The Extinction Trials(44)
She paused and swallowed hard. “And to be honest, as time passes, I feel the memories slipping away even more, like this ship sailing away from the shore. They feel… out of reach, as if I’ll never regain them.”
She picked up the envelope. “In my mind’s eye, I can’t see my mother’s face. Or my sister’s. But I can feel what they meant to me. How I felt about them. That’s something. And there’s a lesson there: we don’t always remember people—or what they do to us—but we remember how they make us feel. We’re emotional beings, and I believe that is how our memories are stored—and often how we form our opinions.”
She reached into the envelope and drew out a small gold pocket watch. “I don’t know what happened to me, but I do know that when I saw—and touched—this pocket watch, it brought back a memory, clear as day.”
She inhaled deeply. “My father gave this to me when I was about Blair’s age. He said that his father gave it to him, and his father gave it to him. That’s been going on in our family for a long time, generations that stretch back to an immigrant in a new land who saved up his money and bought this as an heirloom—as a store of value that could be easily carried and, if needed, cashed in during a time of need.”
She turned the pocket watch over in her hand. “It’s dented and scratched and worn, and I remember his words to me as clear as if he were sitting here with us: ‘The watch isn’t worth much. Not anymore. But what it represents is.’”
Maya set the watch on the table. “He asked me what I thought it represented. My first guess was tradition. Wrong. My second guess was family. Wrong again. When I didn’t wager a third guess, he supplied the answer: a single word—time. The watch stopped working a long time ago, but it kept time for a while. Like we all do. But time marches on, a sea that we swim in for a short while, a force that drowns us all in the end. The central question of our life is this: how will we spend our time? Will we invest it in a better future for those that come after us? What will we pass down—like the pocket watch? A better future? Or a darker one? It seems we’ve woken to the darkest era in human history. What comes next, we decide. And we have one thing at our disposal: time. We say that we spend time for a reason—time is a currency. In the end, it’s the only currency that matters.”
Maya picked up the journal. “Look at how they spent their time. Just like Alister said: trying to survive.”
Alister snorted. “That’s cute. But if you don’t survive, you don’t get any more time to spend. Game over and nothing else matters.”
“On the contrary,” Maya replied. “Sometimes, how you spend your time determines if others survive. What sort of world they inherit. What sort of life we create for the people we care about. That’s what this pocket watch represents to me. Sure, it’s a trinket now, an antique some distant ancestor acquired, but it means more than that to me. It tells a story about my ancestors who tried to create a better life for me. They didn’t spend their time always focused on their own survival. It was about more than that. About future generations.”

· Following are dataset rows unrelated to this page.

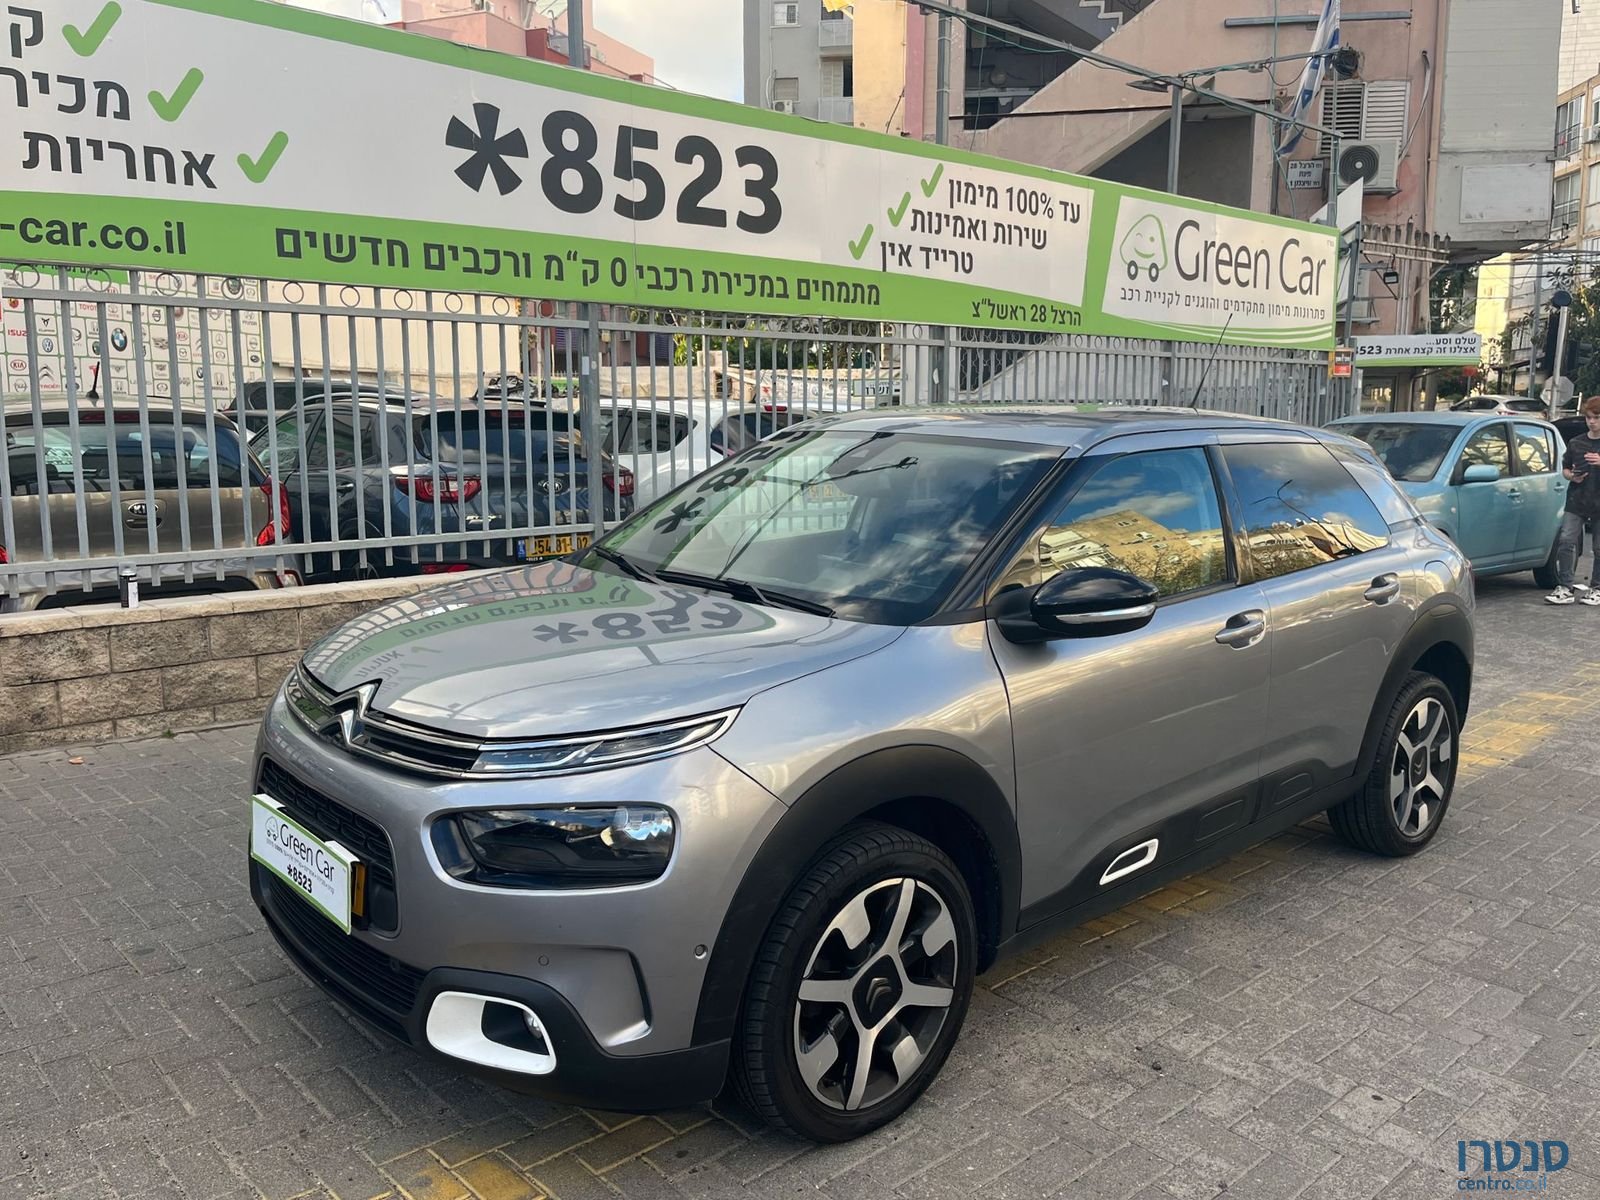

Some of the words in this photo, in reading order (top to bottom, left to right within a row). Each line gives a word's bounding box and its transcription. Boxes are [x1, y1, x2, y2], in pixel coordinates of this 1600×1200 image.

[22, 131, 218, 189] אחריות
[949, 179, 998, 209] מימון
[1005, 187, 1054, 219] 100%
[1059, 200, 1081, 223] עד
[0, 217, 187, 255] -car.co.il
[911, 209, 986, 241] ואמינות
[993, 222, 1047, 249] שירות
[275, 227, 410, 269] חדשים
[424, 241, 531, 279] ורכבים
[880, 240, 912, 272] אין
[919, 246, 974, 274] טרייד
[1174, 220, 1270, 290] Green
[1279, 238, 1327, 296] Car
[610, 257, 627, 287] 0
[636, 265, 693, 293] רכבי
[702, 269, 790, 300] במכירת
[796, 278, 881, 306] מתמחים
[1120, 286, 1141, 302] רכב
[1144, 289, 1181, 308] לקניית
[1184, 293, 1220, 309] והוגנים
[79, 303, 97, 311] TOYOT
[1030, 306, 1046, 322] 28
[1050, 305, 1082, 326] הרצל
[1223, 297, 1265, 317] מתקדמים
[1268, 304, 1291, 318] מימון
[1293, 308, 1325, 320] פתרונות
[7, 329, 28, 337] ISUZ
[1454, 336, 1476, 346] שלם
[1386, 347, 1411, 355] אחרת
[1412, 346, 1434, 356] קצת
[1436, 346, 1446, 354] זה
[1449, 345, 1476, 354] אצלנו
[280, 823, 314, 867] Green
[315, 850, 335, 882] Car

She set the watch down. “And I remember one other thing about this watch. My father passed away a short time after giving it to me. I don’t remember the details, only that it was a disease that overtook him quickly. I don’t know if he knew he was sick when he gave me the watch. Looking back, he probably did. His death made the point even more clear to me: time is precious. You never truly know how much you have. How we spend it matters.”

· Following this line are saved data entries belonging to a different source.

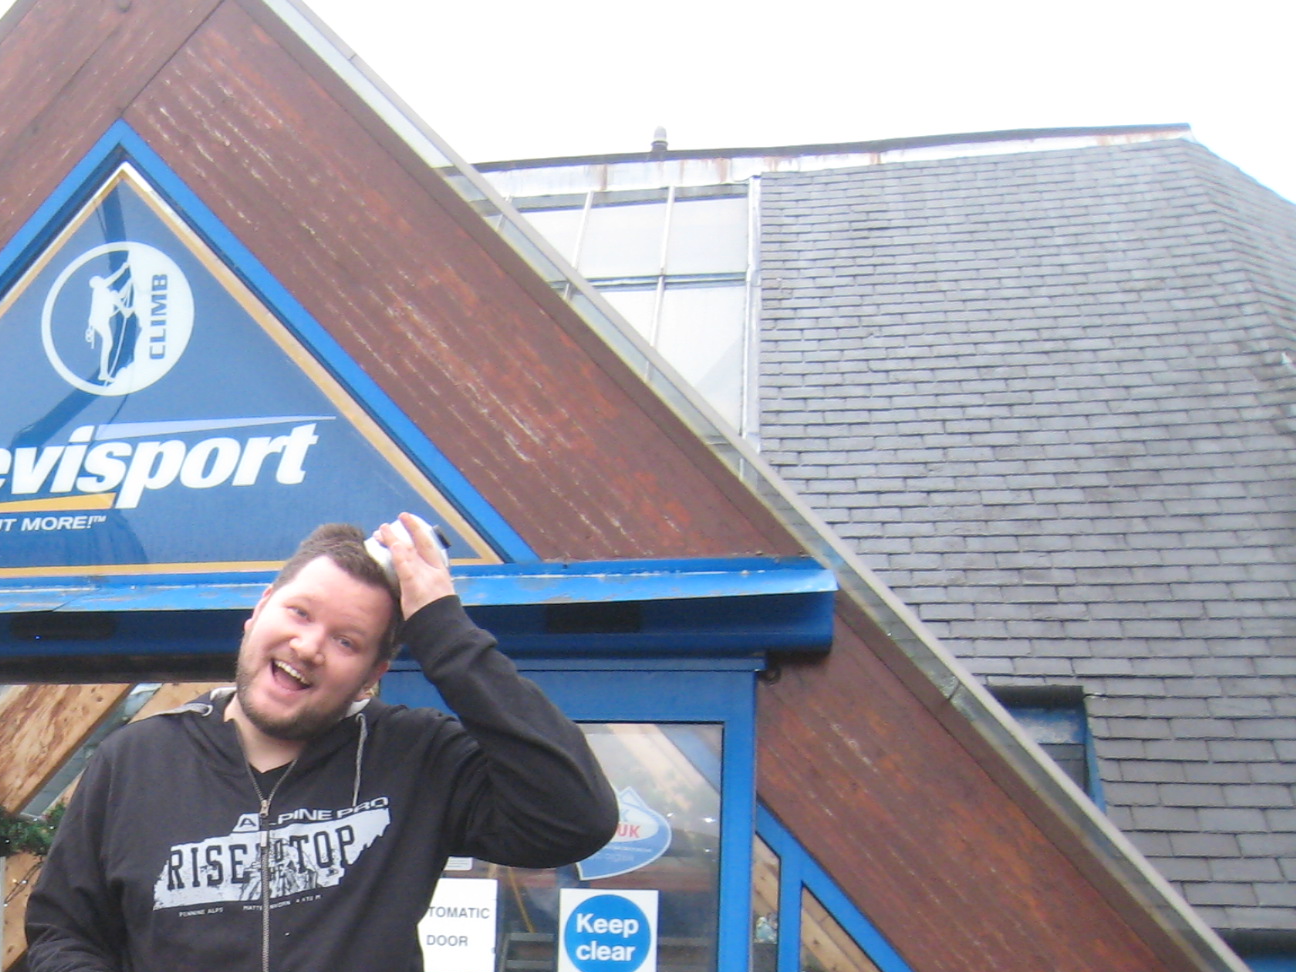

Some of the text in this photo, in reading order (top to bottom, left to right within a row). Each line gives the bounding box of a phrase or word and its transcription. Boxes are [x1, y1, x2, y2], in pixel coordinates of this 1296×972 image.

[149, 274, 168, 360] CLIMB
[337, 796, 389, 818] PRO
[166, 843, 248, 890] RISE
[289, 825, 356, 874] TOP
[428, 906, 490, 919] TOMATIC
[576, 913, 639, 938] Keep
[426, 934, 469, 947] DOOR
[575, 940, 636, 961] clear

Maya locked eyes with Owen. “That’s why I vote to go to the Escape Hatch location. We may not survive, but we’ve got a better chance at getting answers there—answers that could help those people in Garden Station and the rest of the world. I vote to spend our time trying to help leave this world better than we found it.”
Chapter Thirty-Five
For a while, everyone was quiet. Maya expected Alister to rebuff her with a quip, but even he was silent.
Maya picked up the pocket watch, but just as she was about to put it back in the envelope, she stopped. That was odd. As long as she had owned the antique, it hadn’t worked. The time was stopped. The watch still didn’t work, but the time had changed. Was it a coincidence? Had it simply been knocked around? Or was it a message?
Cara’s voice brought her back to the present. “Was that the only thing in your envelope?”
Maya placed the watch back in the envelope. “No. There was one other item.”
She took out the blank page, slightly larger than her two hands combined.
“I don’t get it,” Owen said.
“I don’t either,” Maya replied. “I looked it over in the station, but there’s no markings.”
“Does a blank page mean anything to you?” Owen asked.
“Not particularly. Not that I can remember. Besides the obvious—a future unwritten, infinite choices, a sort of starting over… like having your memories wiped and beginning your life again.”
Alister let his head fall back theatrically. Maya sensed another tirade coming.
“Listen to us,” the middle-aged man muttered. “We’re reading meaning into these trinkets where there is none! A blank page? What if it’s just that—a blank page? Don’t we know we’re in an experiment here? What if The Extinction Trials is simply like one of those inkblots the psychologists show you? They don’t mean anything. You see what’s inside of you, not what’s there. I bet the proctors are watching us now, sitting back laughing at us chasing our tails. It’s all a big experiment, right? What if the joke’s on us?”